What Have I Done With My Life? Salah Pilih atau Kualat?

what have i done with my life

"Mi, tanggal 31 besok kita nggak ke mana-mana kan? kalau mami bolehkan kakak keliling sebentar, kakak mau cari papi mau kakak lemparin kembang api!"

Saya tercekat sambil memandangi remaja lelaki yang matanya sedkit merah dan berkaca-kaca itu. Tanpa menunggu lama, saya memeluknya dan meminta maaf, entah untuk apa.

Malam ini banjir air mata, berkali-kali saya meminta maaf ke anak-anak. Merasa bersalah banget karena seperti merenggut kebahagiaan mereka.

Btw, papinya tiba-tiba datang sore tadi, sempat ngajak si Adik ke puskesmas untuk mengobati hidungnya yang luka dan melebar lukanya.

Setelah dari puskesmas, siapa sangka dia nggak langsung pergi, saya diam saja melihat dia masuk dan mengurus si Adik sebentar, lalu mandi dan bahkan makan, setelahnya sibuk buka laptop lama saya.

Betapa senangnya anak-anak, si Adik bolak balik main dekat papinya yang sedang sibuk depan laptop. Sementara si Kakak senang karena rumah jadi sedikit berwarna, ada papinya kan.

Saya sejujurnya nggak tega menghapus kebahagiaan anak-anak, tapi saya pikir ada yang harus saya katakan dengan serius kepada papinya.

Btw, hampir 4 minggu lalu, saya terpaksa melaporkan kasus penelantaran keluarga dan KDRT psikis di Polrestabes Surabaya. Saya terpaksa melakukan hal ini karena bingung mau gimana lagi untuk membuat papinya mau bertanggung jawab dan bekerja sama dengan baik untuk anak-anak.

Dia menutup komunikasi sama sekali, setelah awal Oktober 2024 dia memblokir nomor anak-anak, dan sama sekali nggak peduli dengan kondisi kami, padahal dia tahu, saya nggak punya keluarga, nggak punya uang, nggak punya tempat tinggal, nggak punya apapun.

Jujur saya sampai mengajak anak-anak untuk mengakhiri hidup kami loh ketika itu.

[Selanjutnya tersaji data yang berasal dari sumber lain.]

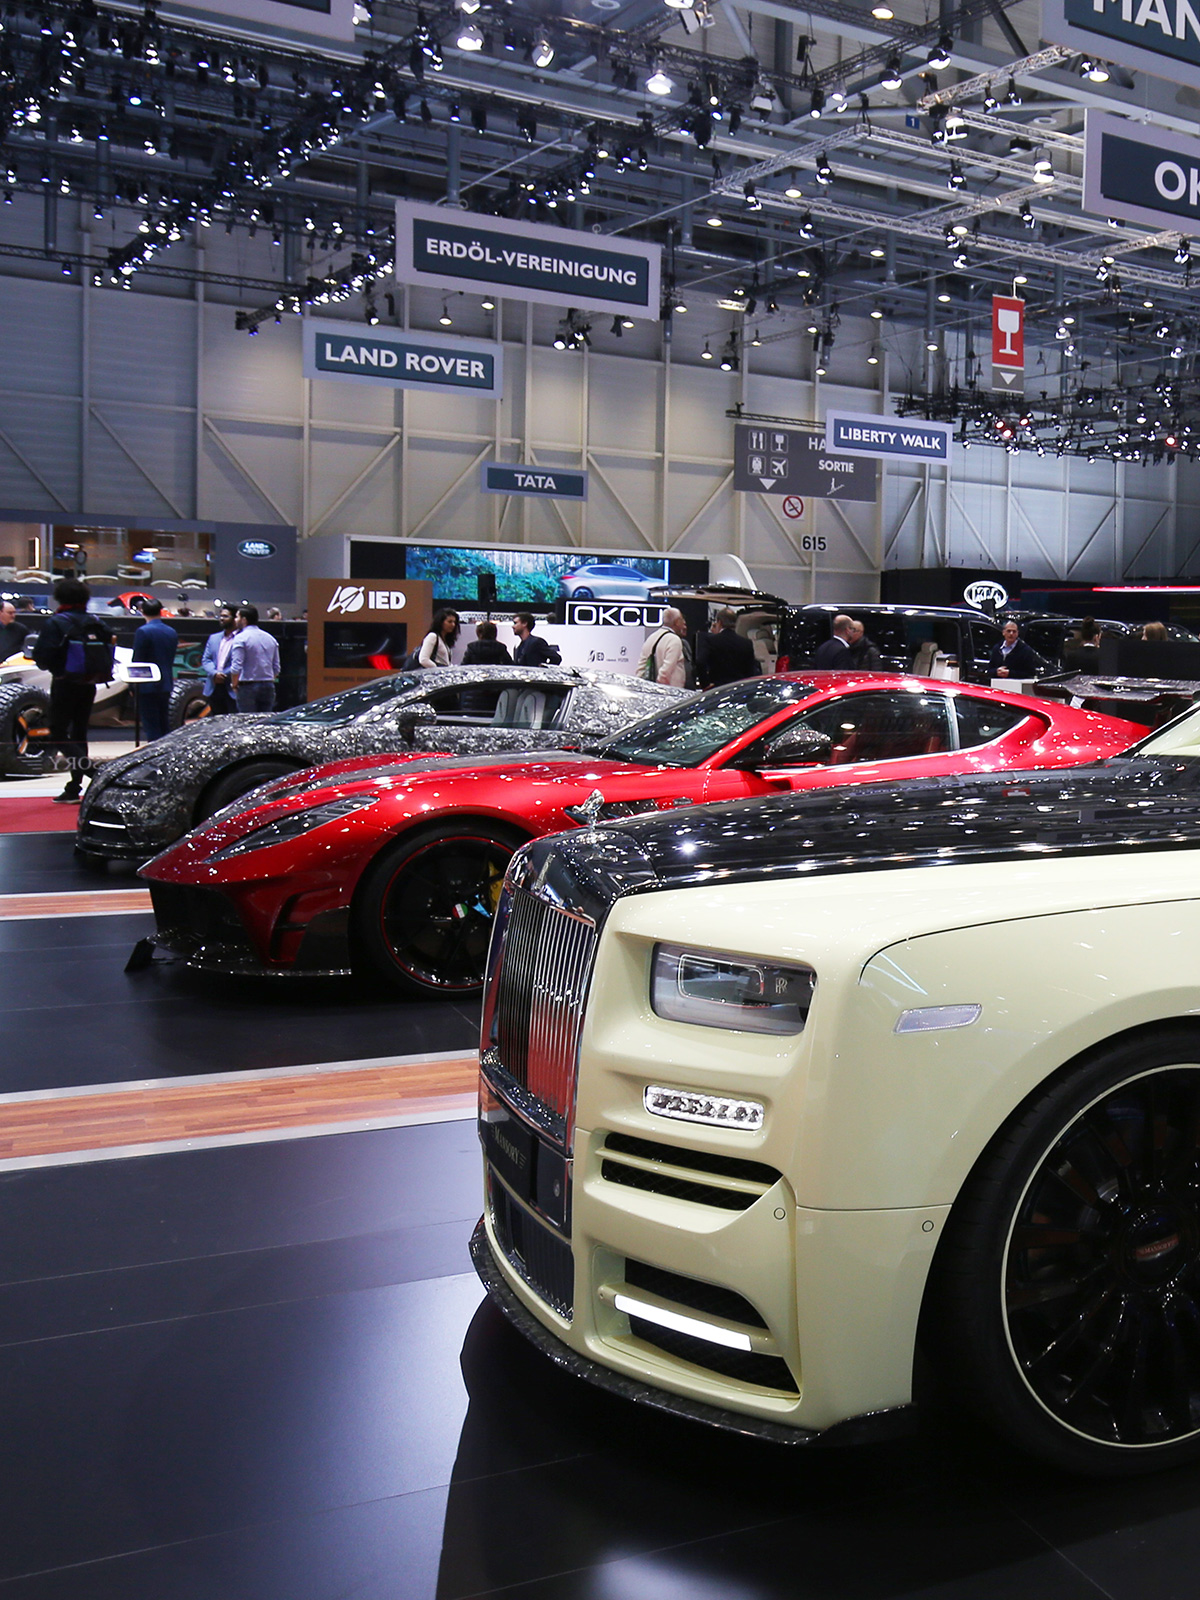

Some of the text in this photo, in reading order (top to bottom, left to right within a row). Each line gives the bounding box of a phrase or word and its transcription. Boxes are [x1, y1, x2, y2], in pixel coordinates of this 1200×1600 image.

[426, 238, 637, 286] ERDÖL-VEREINIGUNG
[325, 343, 485, 379] LAND ROVER
[839, 427, 897, 445] LIBERTY
[900, 433, 941, 449] WALK
[818, 459, 855, 473] SORTIE
[514, 474, 557, 490] TATA
[802, 536, 827, 551] 615
[368, 591, 406, 609] IED
[574, 606, 663, 627] OKCU
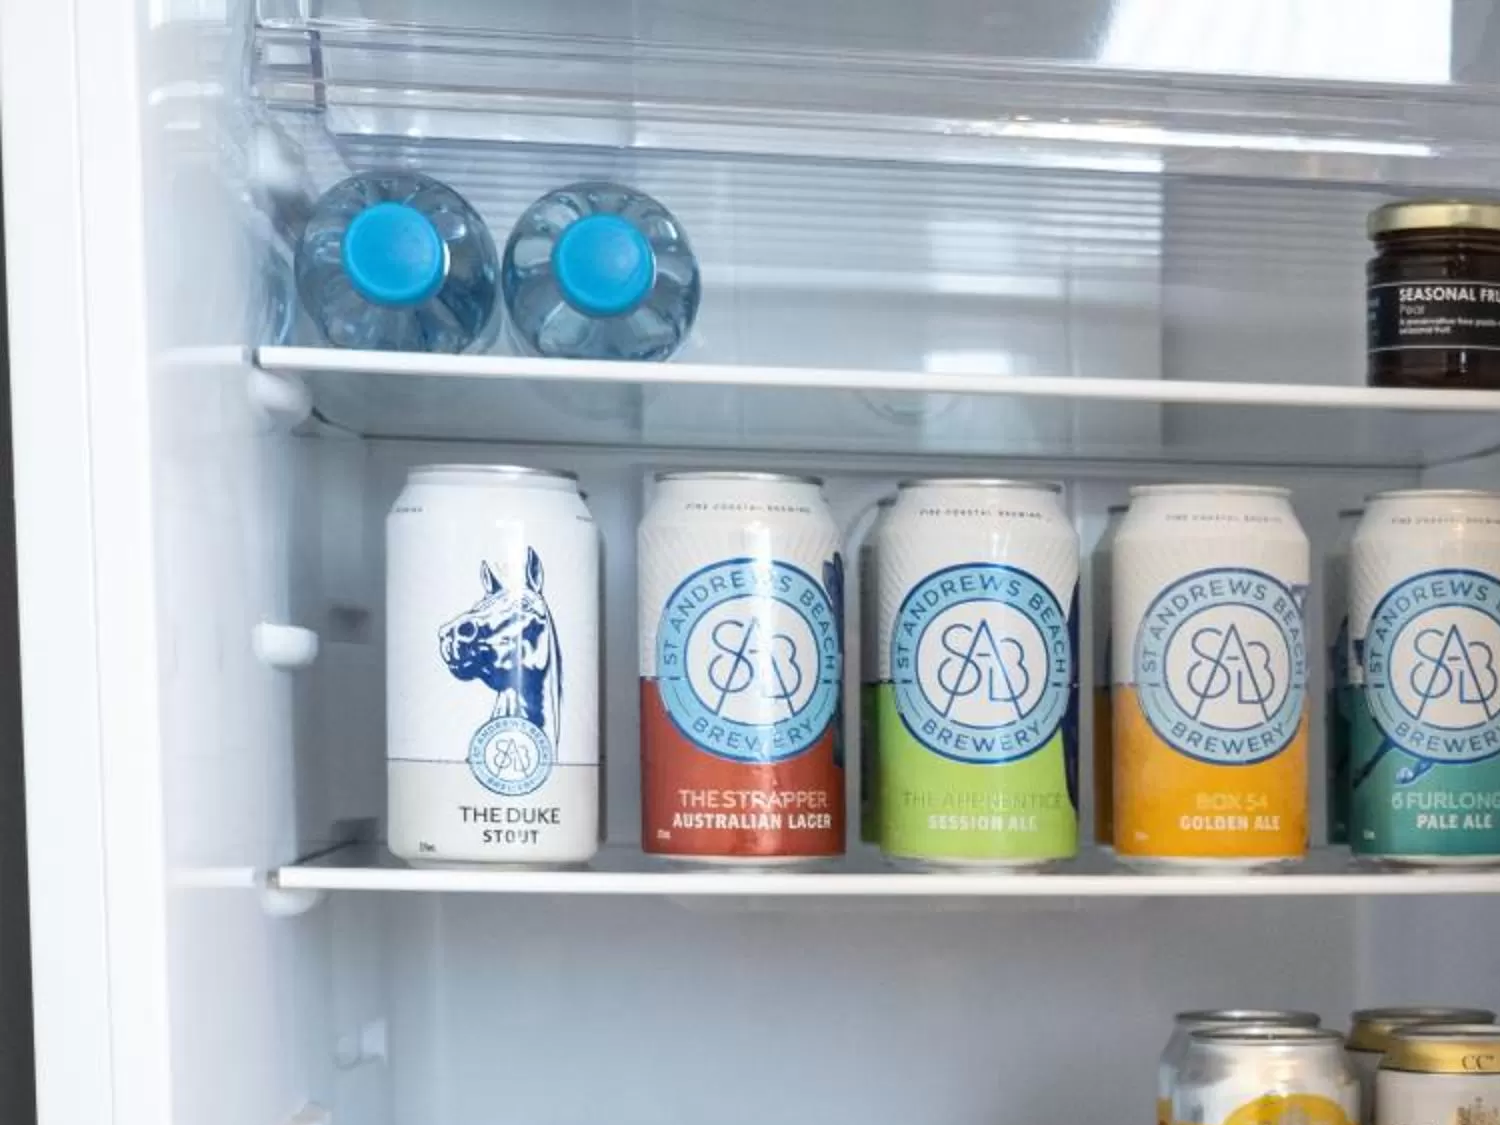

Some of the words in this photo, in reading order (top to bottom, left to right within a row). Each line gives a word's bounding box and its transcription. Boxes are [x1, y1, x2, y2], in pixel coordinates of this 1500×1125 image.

[1399, 287, 1476, 301] SEASONAL
[903, 574, 1022, 636] ANDREWS
[1375, 580, 1489, 642] ANDREWS
[800, 589, 836, 671] BEACH
[1028, 593, 1066, 674] BEACH
[1150, 577, 1268, 641] ANDREWS
[1272, 596, 1303, 674] BEACH
[898, 646, 909, 669] ST
[922, 718, 1041, 752] BREWERY
[1171, 721, 1285, 755] BREWERY
[677, 789, 721, 808] THE
[722, 790, 828, 810] STRAPPER
[1196, 791, 1243, 811] BOX
[1246, 792, 1269, 811] 54
[1391, 792, 1404, 810] 6
[459, 806, 502, 823] THE
[507, 807, 561, 824] DUKE
[673, 812, 781, 830] AUSTRALIAN
[788, 814, 833, 830] LAGER
[928, 815, 1004, 831] SESSION
[1008, 815, 1039, 832] ALE
[1179, 815, 1248, 831] GOLDEN
[1254, 815, 1281, 831] ALE
[1416, 814, 1459, 830] PALE
[1463, 814, 1494, 830] ALE
[483, 829, 539, 844] STOUT

Singkat cerita, setelah berani speak up di medsos dan melalui bantuan banyak teman, saya akhirnya mencoba melaporkan kasus penelantaran ini ke Dinas Perlindungan Perempuan dan Anak kota Surabaya.

Awalnya saya bingung mau gimana, karena pihak PPA mengembalikan ke saya, mereka cenderung meminta saya untuk bercerai dan bahagia.

Jujur, saya bingung, di mana tuh letaknya bahagia dengan bercerai, sementara selama ini kondisi saya udah kayak bercerai, emang jarang bertemu sama bapakeh itu, tapi tetap saja saya ngenes begini hidupnya.

Akhirnya setelah bingung sana sini, saya nanya tentang mediasi, dan ternyata pihak PPA bersedia mengfasilitasi mediasi masalah rumah tangga yang kacau ini. Meskipun hasilnya kurang memuaskan, tapi sebagai rasa terima kasih atas kesediaan PPA dan semacamnya membantu masalah ini, saya ikutin aja.

Sayangnya, kesepakatan kami batal, si bapakeh tetap nggak mau berkomunikasi.

Kesal dengan masalah yang tanpa ujung ini, padahal saya cuman butuh komunikasi aja, biar kita sama-sama pikirin dan jalankan apa nih yang harus dilakukan buat anak-anak.

Akhirnya saya memilih jalur hukum, saya laporkan ke Polrestabes Surabaya dengan kasus penelantaran keluarga dan KDRT Psikis.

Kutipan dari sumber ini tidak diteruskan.